» THE PROBLEM: Copy each line below exactly as it appears. Pictures are to be omitted.

» SOURCE RECORDS:
_ _ _ _ _ _ _

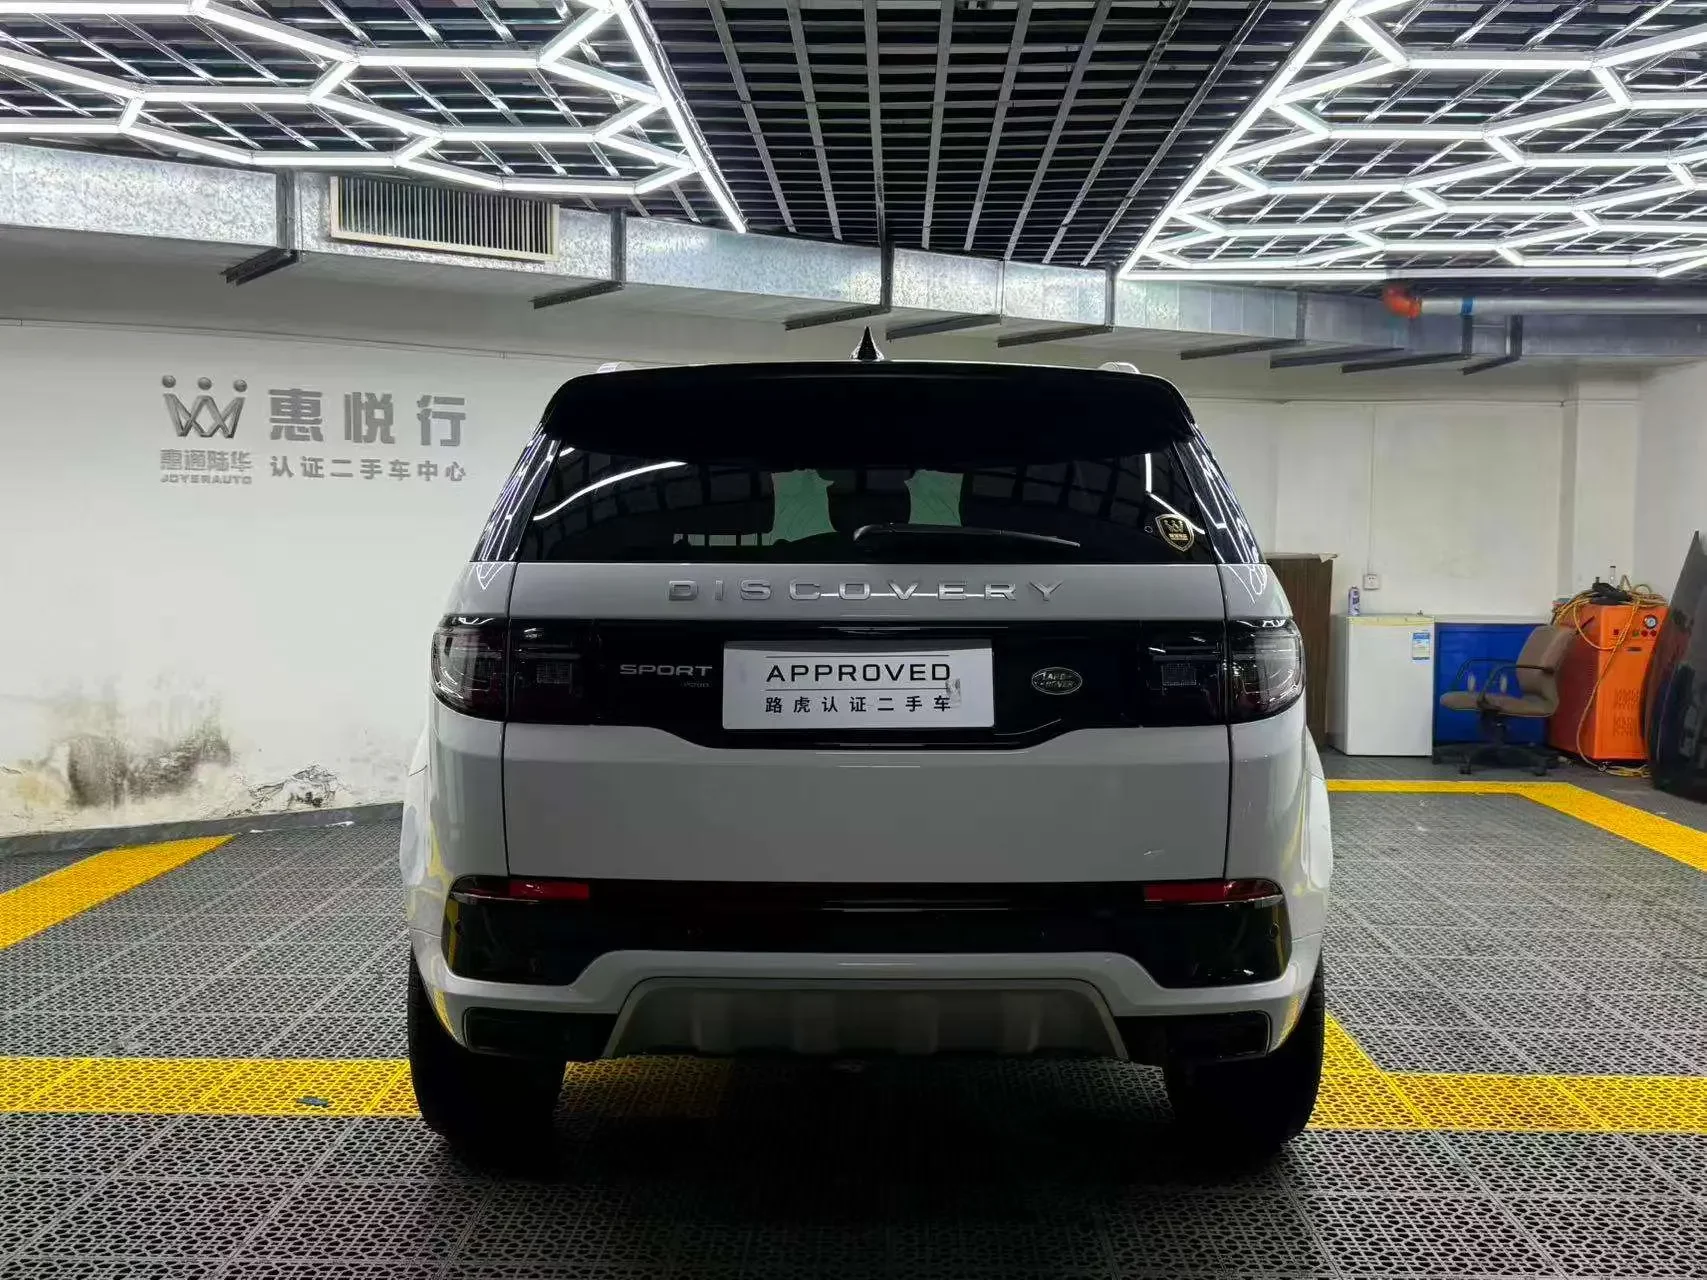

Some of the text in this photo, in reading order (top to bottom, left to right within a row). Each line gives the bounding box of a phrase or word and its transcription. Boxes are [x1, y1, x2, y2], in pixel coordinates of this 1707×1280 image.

[268, 388, 467, 447] 惠悦行
[270, 456, 467, 482] 认证二手车中心
[669, 579, 1062, 601] DISCOVERY
[619, 663, 713, 677] SPORT
[766, 663, 951, 682] APPROVED
[765, 696, 951, 714] 路虎认证二手车

_ _ _ _ _ _ _

» RESULT FOR THIS EXERCISE:
Some of the text in this photo, in reading order (top to bottom, left to right within a row). Each line gives the bounding box of a phrase or word and its transcription. Boxes are [x1, y1, x2, y2], in pixel coordinates of this 1707×1280 image.

[268, 388, 467, 447] 惠悦行
[270, 456, 467, 482] 认证二手车中心
[669, 579, 1062, 601] DISCOVERY
[619, 663, 713, 677] SPORT
[766, 663, 951, 682] APPROVED
[765, 696, 951, 714] 路虎认证二手车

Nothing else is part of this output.